Dataset |
==================================================

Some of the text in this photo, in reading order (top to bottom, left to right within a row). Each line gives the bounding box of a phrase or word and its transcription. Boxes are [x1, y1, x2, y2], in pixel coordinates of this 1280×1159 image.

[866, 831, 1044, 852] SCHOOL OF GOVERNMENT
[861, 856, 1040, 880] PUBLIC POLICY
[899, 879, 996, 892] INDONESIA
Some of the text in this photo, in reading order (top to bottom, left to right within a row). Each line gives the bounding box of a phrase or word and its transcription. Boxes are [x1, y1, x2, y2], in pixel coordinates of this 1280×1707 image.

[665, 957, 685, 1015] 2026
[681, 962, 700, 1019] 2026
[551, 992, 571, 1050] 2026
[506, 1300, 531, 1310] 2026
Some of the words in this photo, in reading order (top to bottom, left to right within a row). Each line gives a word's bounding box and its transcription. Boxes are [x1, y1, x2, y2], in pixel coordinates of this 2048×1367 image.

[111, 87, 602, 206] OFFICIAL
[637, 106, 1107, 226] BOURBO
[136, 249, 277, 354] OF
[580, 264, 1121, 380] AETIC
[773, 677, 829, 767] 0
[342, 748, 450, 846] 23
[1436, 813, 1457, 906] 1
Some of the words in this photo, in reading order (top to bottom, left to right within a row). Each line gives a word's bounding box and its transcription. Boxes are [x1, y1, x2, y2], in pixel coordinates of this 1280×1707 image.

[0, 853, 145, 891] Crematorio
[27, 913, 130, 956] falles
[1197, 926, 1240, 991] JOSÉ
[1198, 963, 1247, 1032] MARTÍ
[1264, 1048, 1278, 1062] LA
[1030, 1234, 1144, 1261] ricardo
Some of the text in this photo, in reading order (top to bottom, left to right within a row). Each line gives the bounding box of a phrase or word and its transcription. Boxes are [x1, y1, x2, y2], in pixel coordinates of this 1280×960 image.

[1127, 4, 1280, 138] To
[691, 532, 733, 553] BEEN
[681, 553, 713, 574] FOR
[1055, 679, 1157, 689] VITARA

==================================================

Work request |
The answer must be every record above, repeated exactly as written.

Written response |
Some of the text in this photo, in reading order (top to bottom, left to right within a row). Each line gives the bounding box of a phrase or word and its transcription. Boxes are [x1, y1, x2, y2], in pixel coordinates of this 1280×1159 image.

[866, 831, 1044, 852] SCHOOL OF GOVERNMENT
[861, 856, 1040, 880] PUBLIC POLICY
[899, 879, 996, 892] INDONESIA
Some of the text in this photo, in reading order (top to bottom, left to right within a row). Each line gives the bounding box of a phrase or word and its transcription. Boxes are [x1, y1, x2, y2], in pixel coordinates of this 1280×1707 image.

[665, 957, 685, 1015] 2026
[681, 962, 700, 1019] 2026
[551, 992, 571, 1050] 2026
[506, 1300, 531, 1310] 2026
Some of the words in this photo, in reading order (top to bottom, left to right within a row). Each line gives a word's bounding box and its transcription. Boxes are [x1, y1, x2, y2], in pixel coordinates of this 2048×1367 image.

[111, 87, 602, 206] OFFICIAL
[637, 106, 1107, 226] BOURBO
[136, 249, 277, 354] OF
[580, 264, 1121, 380] AETIC
[773, 677, 829, 767] 0
[342, 748, 450, 846] 23
[1436, 813, 1457, 906] 1
Some of the words in this photo, in reading order (top to bottom, left to right within a row). Each line gives a word's bounding box and its transcription. Boxes are [x1, y1, x2, y2], in pixel coordinates of this 1280×1707 image.

[0, 853, 145, 891] Crematorio
[27, 913, 130, 956] falles
[1197, 926, 1240, 991] JOSÉ
[1198, 963, 1247, 1032] MARTÍ
[1264, 1048, 1278, 1062] LA
[1030, 1234, 1144, 1261] ricardo
Some of the text in this photo, in reading order (top to bottom, left to right within a row). Each line gives the bounding box of a phrase or word and its transcription. Boxes are [x1, y1, x2, y2], in pixel coordinates of this 1280×960 image.

[1127, 4, 1280, 138] To
[691, 532, 733, 553] BEEN
[681, 553, 713, 574] FOR
[1055, 679, 1157, 689] VITARA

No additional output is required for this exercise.